Somos seres sociales, vivimos en grupo y tenemos unas escalas de valores, normas y límites que nos ayudan en la convivencia diaria.
A menudo me encuentro con padres y madres que dicen que hoy en día la juventud no tiene valores, que “Los jóvenes hoy en día son unos tiranos. Contradicen a sus padres, devoran su comida, y le faltan al respeto a sus maestros”.(Sócrates 470 a. C. – 399 a. C.)
Pues en esas andamos todavía y siempre.
Lo primero que tenemos que aclarar es que somos los padres y madres quienes enseñamos esos necesarios valores y habilidades sociales que son el respeto y la convivencia. Después, la sociedad también enseña y completa esa educación. Y la sociedad somos todos, familia, amigos, profesores, vecinos…
Se me ocurre comentar unas pautas a seguir que me parecen importantes. Hay más, estaría bien que me las fuerais indicando para completar la idea.
¿Cómo podemos enseñar respeto a nuestros hijos e hijas?
• Hablar con amabilidad, sin expresiones groseras. Evitar los gritos y el crear mala atmósfera en casa.
• Usar las fórmulas de cortesía para saludar, pedir favores o dar las gracias y pedir disculpas cuando nos equivoquemos.
• Felicitarlos por sus logros y advertirles de sus errores en privado, nunca en público.
• Pensar bien de ellos y ellas y darles oportunidades de rectificar.
• Escucharles con atención, interesarnos por sus cosas y respetar sus gustos, sus amistades, etc.
• Mantener siempre los compromisos y ser puntuales cuando nos esperen.
• Expresar nuestras opiniones sobre cómo valoramos determinados acontecimientos y pedir que expresen las suyas.
• Actuar de manera coherente. Si decimos que respetar a los demás es básico, no debemos, por ejemplo, hablar de otra persona que no está presente faltándola al respeto.
• Cultiva la paciencia con tus hijos e hijas. Ayudará a que sean más tolerantes y respetuosos con los demás.
• Decirles a nuestras hijas e hijos y a nuestra pareja lo mucho que les queremos y demostrarlo con nuestra actitud.
• Alabar aquellas cosas que hagan bien. Esto les hace sentir mucho entusiasmo, confianza y tranquilidad.
• No decirles todo lo que hacen mal en cada momento. Escoger aquellas cosas que han hecho mal y proponer algunas acciones para mejorarlas.
• No hagas bromas que puedan humillarles.
• No exageres sobre sus cualidades ni sobre sus defectos.
• Crea situaciones de diversión familiar: chistes, juegos, anécdotas, películas divertidas… El sentido del humor es muy pedagógico.

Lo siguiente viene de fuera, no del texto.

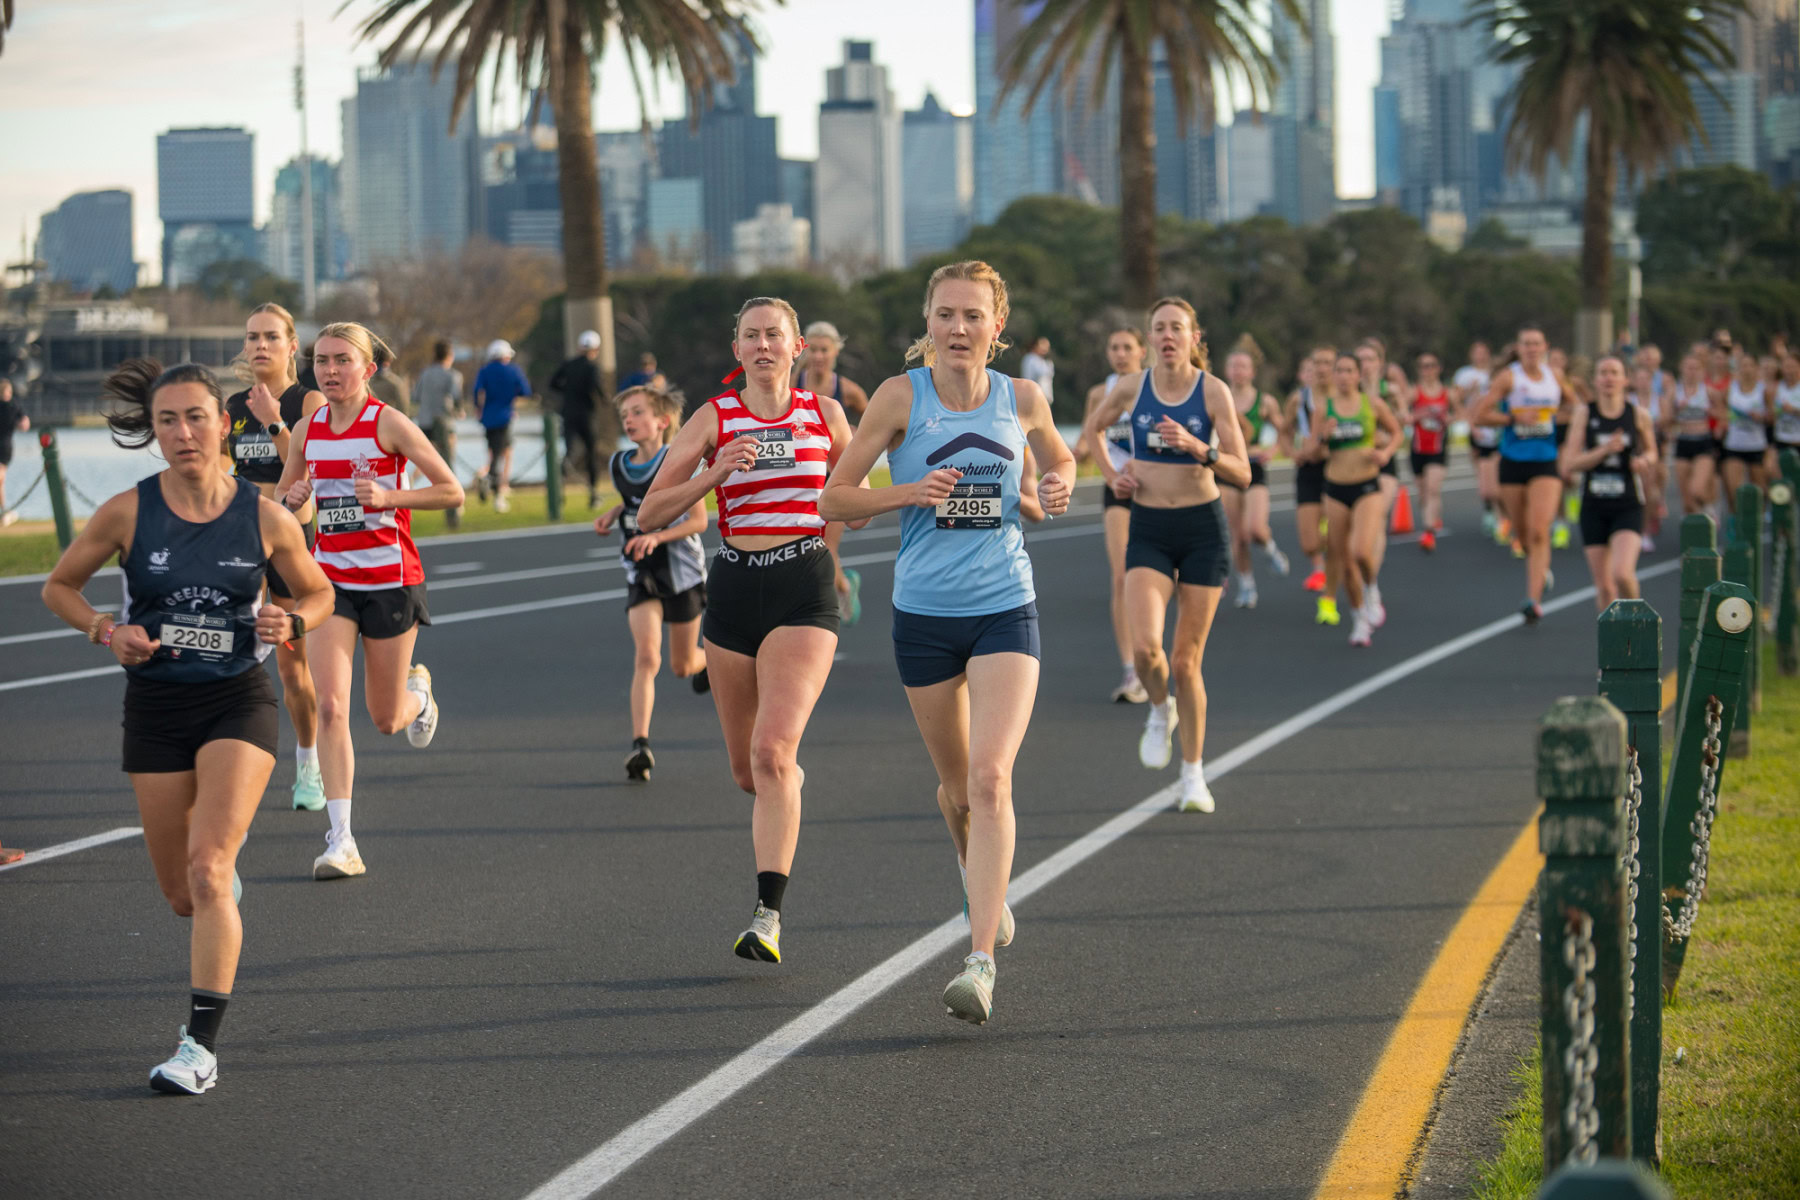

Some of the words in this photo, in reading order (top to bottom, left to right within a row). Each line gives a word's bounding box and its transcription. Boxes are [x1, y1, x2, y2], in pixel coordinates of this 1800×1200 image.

• Si cometes algún error, acostúmbrate a pedirles perdón.

Es la primera vez que leo algo de esta página, y me parece bastante nutrida la informacion que se da, sirve para muchas personas, sobre todo para acordarnos precisamente de que nosotros tambien fuimos adolescentes
Me parecio muy interesante todo lo que dice y es muy bueno porque nos ayuda a mejorar todas las cosas malas que hacemos y decimos y aprender a respetar a todas las personas.
Yo soy una adolecente, me llamo Ana. En mi aula de 1º de secundaria no nos tenemos respeto, y es con todos: los profesores, alumnos, compañeros. Cuando alguien pide algun tipo de colaboracion siempre habla uno y se queja. Me gusto mucho el articulo y voy a publicar algunos segmentos para mis compañeros.